_What you need to do_.
Each entry below is to be reproduced exactly, though any pictures it holds must be omitted.
Start of Provided data
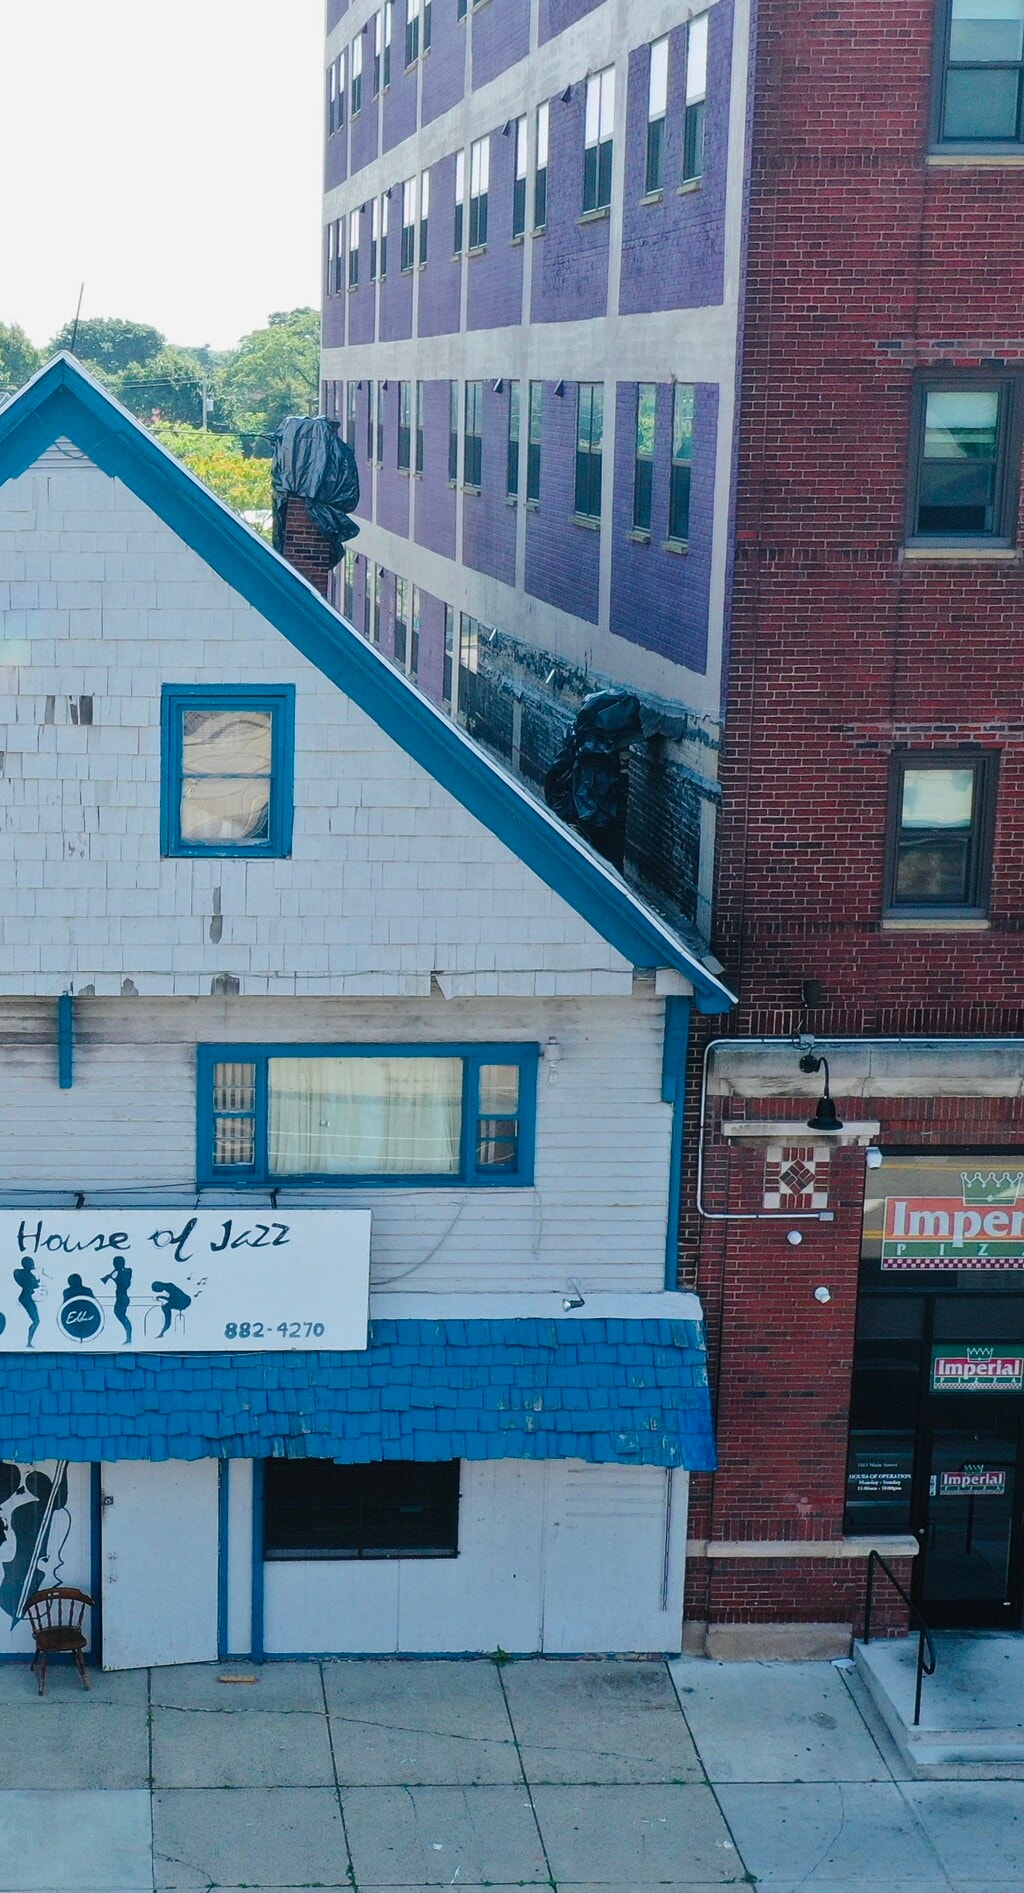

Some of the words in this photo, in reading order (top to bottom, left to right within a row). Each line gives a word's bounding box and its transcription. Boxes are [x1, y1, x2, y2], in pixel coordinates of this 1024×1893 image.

[17, 1220, 131, 1253] House
[146, 1217, 198, 1262] of
[210, 1219, 290, 1252] Jazz
[896, 1243, 1024, 1256] PIZ
[224, 1322, 325, 1340] 882-4270
[938, 1360, 1020, 1380] Imperial
[943, 1473, 1003, 1488] Imperial
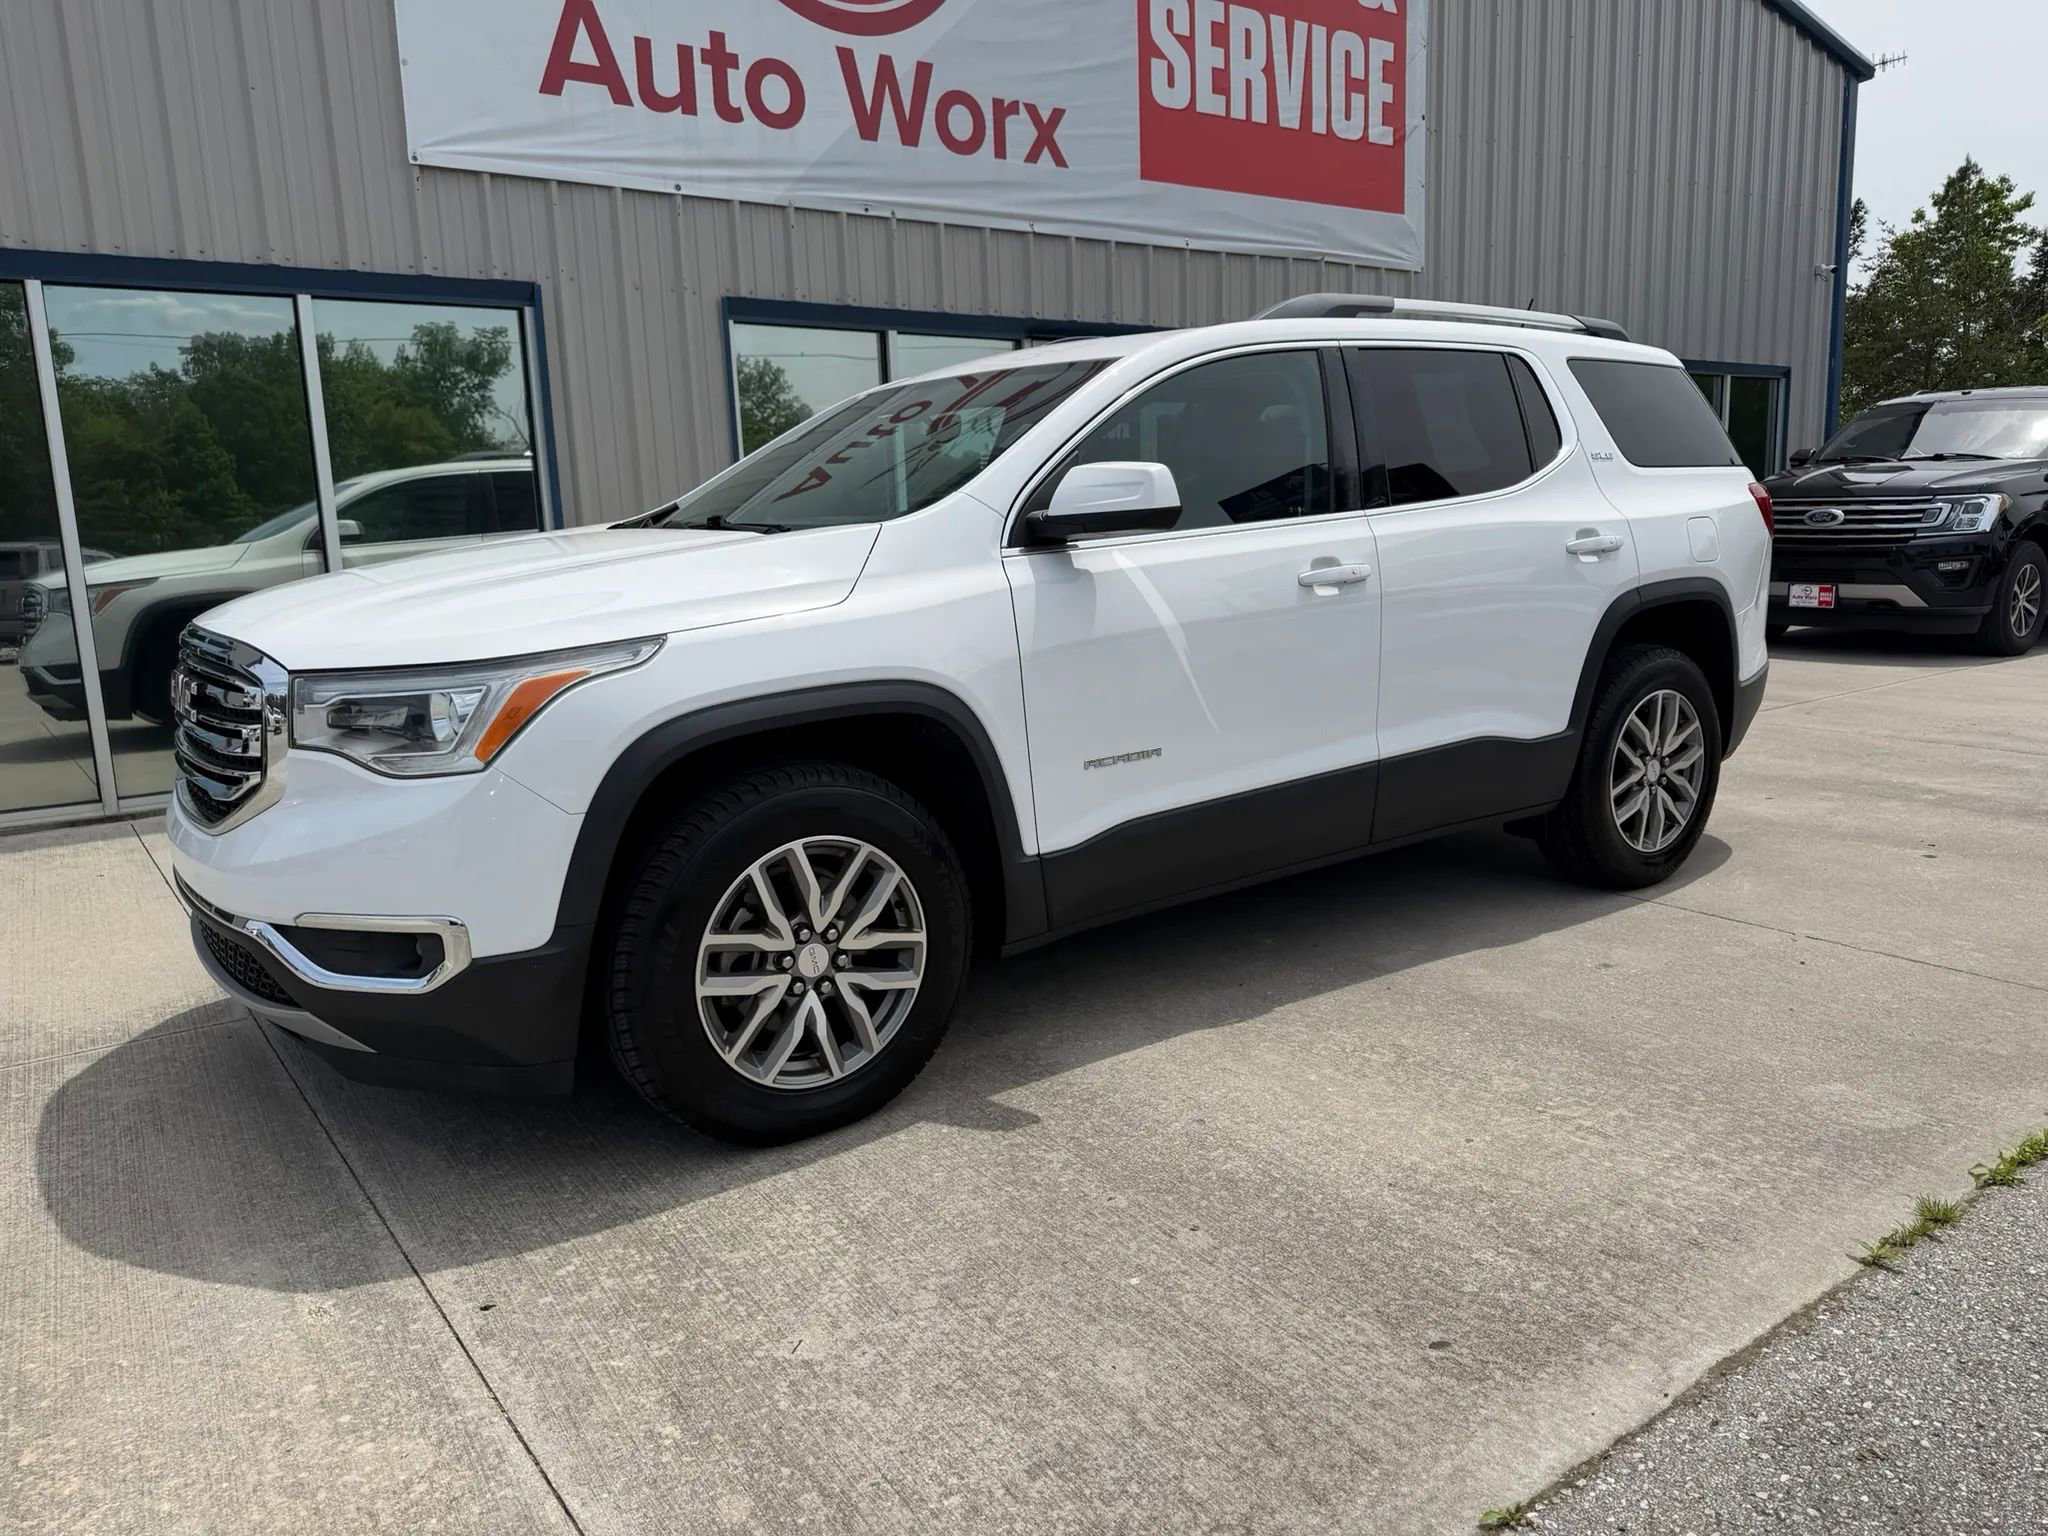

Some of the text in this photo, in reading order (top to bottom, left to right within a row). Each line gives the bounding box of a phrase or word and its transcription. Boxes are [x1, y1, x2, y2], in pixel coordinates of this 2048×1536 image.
End of Provided data
_Reply to the task_.
Some of the words in this photo, in reading order (top to bottom, left to right within a row). Each line gives a word's bounding box and its transcription. Boxes are [x1, y1, x2, y2], in pixel coordinates of this 1024×1893 image.

[17, 1220, 131, 1253] House
[146, 1217, 198, 1262] of
[210, 1219, 290, 1252] Jazz
[896, 1243, 1024, 1256] PIZ
[224, 1322, 325, 1340] 882-4270
[938, 1360, 1020, 1380] Imperial
[943, 1473, 1003, 1488] Imperial

Some of the text in this photo, in reading order (top to bottom, left to right within a row). Each line gives the bounding box of a phrase or word and its transcription. Boxes are [x1, y1, x2, y2], in pixel coordinates of this 2048×1536 image.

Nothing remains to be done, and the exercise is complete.